Exchanging Materials: Specialized Cells, Tissues & Organs

Instructor: Amanda Robb

Amanda holds a Masters in Science from Tufts Medical School in Cellular and Molecular Physiology. She has taught high school Biology and Physics for 8 years.

In this lesson we'll be looking at ways that plants and animals transport materials through their surfaces. We'll look at general characteristics of these types of tissues as well as specific examples such as the small intestine, lungs, gills, roots and leaves.

Why Do Living Things Exchange Materials?

Take a deep breath in. Now hold your breath for a few seconds. We start to feel uncomfortable quickly when we don't inhale and exhale routinely. Why is this? We inhale to get oxygen to our tissues to make energy and exhale to get rid of carbon dioxide, a waste product that is toxic to our body. When you hold your breath you start to feel uncomfortable because your body must continue this exchange to stay alive.

Breathing in and out is one example of how living things exchange materials with the environment. All living things are dynamic and must take in materials from the environment we need to stay alive and get rid of materials that are toxic to us. Today, we're going to look at some general characteristics of the tissues that exchange materials between the organism and the environment and then some specific examples in both plants and animals.

1. Large Surface Area

Materials that are exchanged in body need to move from one side of a surface to another. Imagine a crowd of people waiting to get into a concert. How long would it take them to get inside if there was only a single file line through one door? Now, imagine the same situation, but with large garage doors as the entry way. More people could get inside much faster.

The body wants to move materials as quickly and efficiently as possible, so many tissues and organs that exchange materials have a large surface area to volume ratio, meaning that the lining of the area is much larger than the space it contains. This means that more materials can be exchanged, thus making the tissue more efficient at doing its job.

Example: Small Intestine

The small intestine absorbs nutrients in animal digestive system. It's lining is folded upon itself in small structures called microvilli. These projections increase the surface area of the small intestine by up to 120 times greater than what it would be if the lining was smooth. This allows for efficient absorption of nutrients.

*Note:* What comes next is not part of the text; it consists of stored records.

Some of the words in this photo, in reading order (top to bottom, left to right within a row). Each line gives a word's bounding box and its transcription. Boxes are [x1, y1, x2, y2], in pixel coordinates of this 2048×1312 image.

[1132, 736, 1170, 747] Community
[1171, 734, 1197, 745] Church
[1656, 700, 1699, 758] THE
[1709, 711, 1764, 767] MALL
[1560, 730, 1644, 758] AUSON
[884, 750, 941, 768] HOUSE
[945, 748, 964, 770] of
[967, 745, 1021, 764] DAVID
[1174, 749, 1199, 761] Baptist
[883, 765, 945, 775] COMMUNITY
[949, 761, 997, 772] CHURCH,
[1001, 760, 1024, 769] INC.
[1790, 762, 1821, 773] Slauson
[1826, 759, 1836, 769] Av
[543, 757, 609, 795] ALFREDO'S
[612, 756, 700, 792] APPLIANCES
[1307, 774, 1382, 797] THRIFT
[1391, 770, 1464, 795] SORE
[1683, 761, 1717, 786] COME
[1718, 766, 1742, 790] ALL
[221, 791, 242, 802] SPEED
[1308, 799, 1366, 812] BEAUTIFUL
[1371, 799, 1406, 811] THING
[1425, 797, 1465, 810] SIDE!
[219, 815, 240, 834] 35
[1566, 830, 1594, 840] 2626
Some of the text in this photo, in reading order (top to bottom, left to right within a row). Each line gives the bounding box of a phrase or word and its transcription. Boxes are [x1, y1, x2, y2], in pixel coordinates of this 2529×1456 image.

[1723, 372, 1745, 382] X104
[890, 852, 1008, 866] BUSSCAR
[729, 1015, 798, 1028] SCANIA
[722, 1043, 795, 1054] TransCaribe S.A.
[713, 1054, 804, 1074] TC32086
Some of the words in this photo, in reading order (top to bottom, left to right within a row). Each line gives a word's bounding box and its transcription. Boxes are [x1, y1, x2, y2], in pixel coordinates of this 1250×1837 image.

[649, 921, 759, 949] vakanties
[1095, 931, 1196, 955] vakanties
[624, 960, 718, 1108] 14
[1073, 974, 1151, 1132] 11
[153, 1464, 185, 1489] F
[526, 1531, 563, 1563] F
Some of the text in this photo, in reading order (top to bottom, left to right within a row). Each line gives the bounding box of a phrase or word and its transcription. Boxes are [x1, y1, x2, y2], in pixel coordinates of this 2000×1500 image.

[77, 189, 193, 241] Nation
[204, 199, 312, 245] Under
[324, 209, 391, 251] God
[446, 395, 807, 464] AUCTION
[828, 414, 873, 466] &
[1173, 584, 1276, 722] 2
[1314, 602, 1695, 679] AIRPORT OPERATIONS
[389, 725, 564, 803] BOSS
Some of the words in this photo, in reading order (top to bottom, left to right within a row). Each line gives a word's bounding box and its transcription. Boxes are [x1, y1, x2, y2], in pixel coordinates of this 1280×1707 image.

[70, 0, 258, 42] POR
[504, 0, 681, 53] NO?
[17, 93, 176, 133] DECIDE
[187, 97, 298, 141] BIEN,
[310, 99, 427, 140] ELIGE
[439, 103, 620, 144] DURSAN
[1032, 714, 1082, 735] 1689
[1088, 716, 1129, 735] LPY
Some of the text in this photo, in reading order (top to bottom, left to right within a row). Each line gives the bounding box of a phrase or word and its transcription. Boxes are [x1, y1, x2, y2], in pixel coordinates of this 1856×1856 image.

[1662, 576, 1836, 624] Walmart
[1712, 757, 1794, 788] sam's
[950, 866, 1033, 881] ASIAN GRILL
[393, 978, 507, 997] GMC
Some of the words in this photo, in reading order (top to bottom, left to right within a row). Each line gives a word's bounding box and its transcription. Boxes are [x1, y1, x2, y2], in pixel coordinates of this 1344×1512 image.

Microvilli increase the surface area of the intestine

Example: Root Hairs

Plants also need nutrients, just like we do. Although they make their own sugar, they still need minerals from the soil that are absorbed through the roots. Roots have specialized structures called root hairs that have long protrusions from their cell wall to increase surface area. This increases water and mineral uptake from the soil.

2. Thin Membrane

Exchange of many materials in the body happens through diffusion, where materials move from a higher concentration to a lower concentration. There needs to be a thin barrier between where the material starts and where it needs to end up for the process to be efficient. Many tissues that exchange materials have linings that are only one cell layer thick.

Example: Leaves

Have you ever picked up a pile of leaves? They're light and thin for a reason. Leaves are the organs that exchange gases with the environment for plants, similar to the job our lungs do. In order to do that they must be thin, providing an easy path for gases to get to the tissues they need to service. Gases move in and out of leaves through pores called stomata. The stomata open the atmosphere to the inner spongy area of the leaf, allowing for gas exchange.

3. Efficient Blood Supply

In multicellular organisms nutrients not only need to be exchanged with the environment, but also distributed throughout the body. This is accomplished through a closed blood supply that shuttles materials around the body. Tissues that are involved in material exchange are usually highly vascularized and have an extensive connection with the blood supply.

Example: Gills

If you've ever caught a fish, you might be familiar with their slippery scales, usually appearing in a shade of silver or blue. But, if you look near the head you can see bright red gills underneath their exterior. Gills are the gas exchange organs of fish. They are covered in tiny blood vessels called capillaries, which are why the gills appear red. Water washes over the gills in the opposite direction of the blood flow, allowing for efficient diffusion of oxygen into the blood. The blood then transports oxygen to the rest of the fish.